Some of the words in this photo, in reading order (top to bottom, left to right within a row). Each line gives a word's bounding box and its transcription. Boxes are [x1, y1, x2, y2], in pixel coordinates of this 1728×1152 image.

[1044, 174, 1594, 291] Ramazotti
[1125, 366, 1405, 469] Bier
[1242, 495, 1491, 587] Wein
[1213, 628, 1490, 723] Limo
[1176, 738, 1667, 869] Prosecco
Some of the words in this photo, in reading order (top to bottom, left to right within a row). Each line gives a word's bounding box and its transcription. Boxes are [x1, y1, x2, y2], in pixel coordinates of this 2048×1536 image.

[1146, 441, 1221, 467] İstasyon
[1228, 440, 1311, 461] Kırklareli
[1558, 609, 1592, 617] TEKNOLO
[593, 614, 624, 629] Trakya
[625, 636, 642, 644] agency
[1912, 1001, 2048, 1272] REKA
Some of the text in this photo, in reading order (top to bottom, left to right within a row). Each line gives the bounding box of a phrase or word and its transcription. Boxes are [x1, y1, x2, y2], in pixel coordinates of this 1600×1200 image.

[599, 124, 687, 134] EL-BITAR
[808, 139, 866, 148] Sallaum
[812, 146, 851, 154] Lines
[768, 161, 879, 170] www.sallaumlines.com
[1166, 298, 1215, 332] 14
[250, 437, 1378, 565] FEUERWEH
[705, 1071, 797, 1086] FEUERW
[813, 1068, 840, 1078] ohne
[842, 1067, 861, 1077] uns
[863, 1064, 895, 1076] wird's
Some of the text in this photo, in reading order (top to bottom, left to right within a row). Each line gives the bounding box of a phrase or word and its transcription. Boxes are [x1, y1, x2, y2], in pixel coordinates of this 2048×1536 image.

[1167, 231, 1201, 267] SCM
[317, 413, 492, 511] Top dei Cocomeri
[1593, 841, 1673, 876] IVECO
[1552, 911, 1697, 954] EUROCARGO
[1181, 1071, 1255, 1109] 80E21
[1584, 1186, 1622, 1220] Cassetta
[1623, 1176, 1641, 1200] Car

### ACTIVITY:
Set the listing above down once more in full, exactly as it is.

### SOLUTION TO THIS EXERCISE:
Some of the words in this photo, in reading order (top to bottom, left to right within a row). Each line gives a word's bounding box and its transcription. Boxes are [x1, y1, x2, y2], in pixel coordinates of this 1728×1152 image.

[1044, 174, 1594, 291] Ramazotti
[1125, 366, 1405, 469] Bier
[1242, 495, 1491, 587] Wein
[1213, 628, 1490, 723] Limo
[1176, 738, 1667, 869] Prosecco
Some of the words in this photo, in reading order (top to bottom, left to right within a row). Each line gives a word's bounding box and its transcription. Boxes are [x1, y1, x2, y2], in pixel coordinates of this 2048×1536 image.

[1146, 441, 1221, 467] İstasyon
[1228, 440, 1311, 461] Kırklareli
[1558, 609, 1592, 617] TEKNOLO
[593, 614, 624, 629] Trakya
[625, 636, 642, 644] agency
[1912, 1001, 2048, 1272] REKA
Some of the text in this photo, in reading order (top to bottom, left to right within a row). Each line gives the bounding box of a phrase or word and its transcription. Boxes are [x1, y1, x2, y2], in pixel coordinates of this 1600×1200 image.

[599, 124, 687, 134] EL-BITAR
[808, 139, 866, 148] Sallaum
[812, 146, 851, 154] Lines
[768, 161, 879, 170] www.sallaumlines.com
[1166, 298, 1215, 332] 14
[250, 437, 1378, 565] FEUERWEH
[705, 1071, 797, 1086] FEUERW
[813, 1068, 840, 1078] ohne
[842, 1067, 861, 1077] uns
[863, 1064, 895, 1076] wird's
Some of the text in this photo, in reading order (top to bottom, left to right within a row). Each line gives the bounding box of a phrase or word and its transcription. Boxes are [x1, y1, x2, y2], in pixel coordinates of this 2048×1536 image.

[1167, 231, 1201, 267] SCM
[317, 413, 492, 511] Top dei Cocomeri
[1593, 841, 1673, 876] IVECO
[1552, 911, 1697, 954] EUROCARGO
[1181, 1071, 1255, 1109] 80E21
[1584, 1186, 1622, 1220] Cassetta
[1623, 1176, 1641, 1200] Car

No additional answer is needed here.